- [WORK INSTRUCTIONS]: Produce a perfect copy of the listing, matching each line.
---------- DATA PROVIDED
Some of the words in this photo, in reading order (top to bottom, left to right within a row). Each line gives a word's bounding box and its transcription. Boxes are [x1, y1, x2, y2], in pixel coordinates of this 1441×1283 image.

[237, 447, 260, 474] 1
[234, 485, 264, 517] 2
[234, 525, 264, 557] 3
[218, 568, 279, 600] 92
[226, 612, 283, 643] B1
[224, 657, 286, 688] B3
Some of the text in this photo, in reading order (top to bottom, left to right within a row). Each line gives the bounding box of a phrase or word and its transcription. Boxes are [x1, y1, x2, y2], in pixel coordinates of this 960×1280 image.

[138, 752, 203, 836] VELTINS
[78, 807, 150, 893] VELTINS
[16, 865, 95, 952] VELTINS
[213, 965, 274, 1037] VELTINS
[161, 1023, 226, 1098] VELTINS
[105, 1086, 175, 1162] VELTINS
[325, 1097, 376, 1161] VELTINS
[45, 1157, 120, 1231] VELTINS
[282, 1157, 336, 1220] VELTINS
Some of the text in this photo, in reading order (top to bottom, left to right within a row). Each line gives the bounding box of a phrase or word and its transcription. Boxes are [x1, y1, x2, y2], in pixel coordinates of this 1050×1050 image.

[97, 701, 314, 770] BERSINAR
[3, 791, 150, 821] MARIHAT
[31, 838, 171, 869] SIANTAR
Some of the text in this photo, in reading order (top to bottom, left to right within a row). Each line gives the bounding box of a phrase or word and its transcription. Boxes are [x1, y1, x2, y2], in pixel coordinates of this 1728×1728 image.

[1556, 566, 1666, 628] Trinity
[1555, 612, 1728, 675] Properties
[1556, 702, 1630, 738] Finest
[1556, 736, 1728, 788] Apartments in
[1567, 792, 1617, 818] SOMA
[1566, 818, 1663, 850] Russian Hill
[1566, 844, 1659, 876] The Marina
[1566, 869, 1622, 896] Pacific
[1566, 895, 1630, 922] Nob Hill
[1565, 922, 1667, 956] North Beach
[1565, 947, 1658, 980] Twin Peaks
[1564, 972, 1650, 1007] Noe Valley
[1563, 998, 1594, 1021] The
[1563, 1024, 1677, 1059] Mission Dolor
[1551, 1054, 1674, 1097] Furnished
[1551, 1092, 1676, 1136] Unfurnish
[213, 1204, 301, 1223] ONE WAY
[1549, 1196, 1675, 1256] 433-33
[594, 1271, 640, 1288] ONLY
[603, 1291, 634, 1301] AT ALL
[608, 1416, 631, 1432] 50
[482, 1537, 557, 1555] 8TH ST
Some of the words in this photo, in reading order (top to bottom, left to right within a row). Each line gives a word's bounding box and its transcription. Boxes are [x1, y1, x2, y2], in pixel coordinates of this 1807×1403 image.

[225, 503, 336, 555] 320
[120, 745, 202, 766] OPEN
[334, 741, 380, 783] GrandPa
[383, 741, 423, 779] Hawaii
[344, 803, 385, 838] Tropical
--------------------
- [RESPONSE TO THIS TASK]:
Some of the words in this photo, in reading order (top to bottom, left to right within a row). Each line gives a word's bounding box and its transcription. Boxes are [x1, y1, x2, y2], in pixel coordinates of this 1441×1283 image.

[237, 447, 260, 474] 1
[234, 485, 264, 517] 2
[234, 525, 264, 557] 3
[218, 568, 279, 600] 92
[226, 612, 283, 643] B1
[224, 657, 286, 688] B3
Some of the text in this photo, in reading order (top to bottom, left to right within a row). Each line gives the bounding box of a phrase or word and its transcription. Boxes are [x1, y1, x2, y2], in pixel coordinates of this 960×1280 image.

[138, 752, 203, 836] VELTINS
[78, 807, 150, 893] VELTINS
[16, 865, 95, 952] VELTINS
[213, 965, 274, 1037] VELTINS
[161, 1023, 226, 1098] VELTINS
[105, 1086, 175, 1162] VELTINS
[325, 1097, 376, 1161] VELTINS
[45, 1157, 120, 1231] VELTINS
[282, 1157, 336, 1220] VELTINS
Some of the text in this photo, in reading order (top to bottom, left to right within a row). Each line gives the bounding box of a phrase or word and its transcription. Boxes are [x1, y1, x2, y2], in pixel coordinates of this 1050×1050 image.

[97, 701, 314, 770] BERSINAR
[3, 791, 150, 821] MARIHAT
[31, 838, 171, 869] SIANTAR
Some of the text in this photo, in reading order (top to bottom, left to right within a row). Each line gives the bounding box of a phrase or word and its transcription. Boxes are [x1, y1, x2, y2], in pixel coordinates of this 1728×1728 image.

[1556, 566, 1666, 628] Trinity
[1555, 612, 1728, 675] Properties
[1556, 702, 1630, 738] Finest
[1556, 736, 1728, 788] Apartments in
[1567, 792, 1617, 818] SOMA
[1566, 818, 1663, 850] Russian Hill
[1566, 844, 1659, 876] The Marina
[1566, 869, 1622, 896] Pacific
[1566, 895, 1630, 922] Nob Hill
[1565, 922, 1667, 956] North Beach
[1565, 947, 1658, 980] Twin Peaks
[1564, 972, 1650, 1007] Noe Valley
[1563, 998, 1594, 1021] The
[1563, 1024, 1677, 1059] Mission Dolor
[1551, 1054, 1674, 1097] Furnished
[1551, 1092, 1676, 1136] Unfurnish
[213, 1204, 301, 1223] ONE WAY
[1549, 1196, 1675, 1256] 433-33
[594, 1271, 640, 1288] ONLY
[603, 1291, 634, 1301] AT ALL
[608, 1416, 631, 1432] 50
[482, 1537, 557, 1555] 8TH ST
Some of the words in this photo, in reading order (top to bottom, left to right within a row). Each line gives a word's bounding box and its transcription. Boxes are [x1, y1, x2, y2], in pixel coordinates of this 1807×1403 image.

[225, 503, 336, 555] 320
[120, 745, 202, 766] OPEN
[334, 741, 380, 783] GrandPa
[383, 741, 423, 779] Hawaii
[344, 803, 385, 838] Tropical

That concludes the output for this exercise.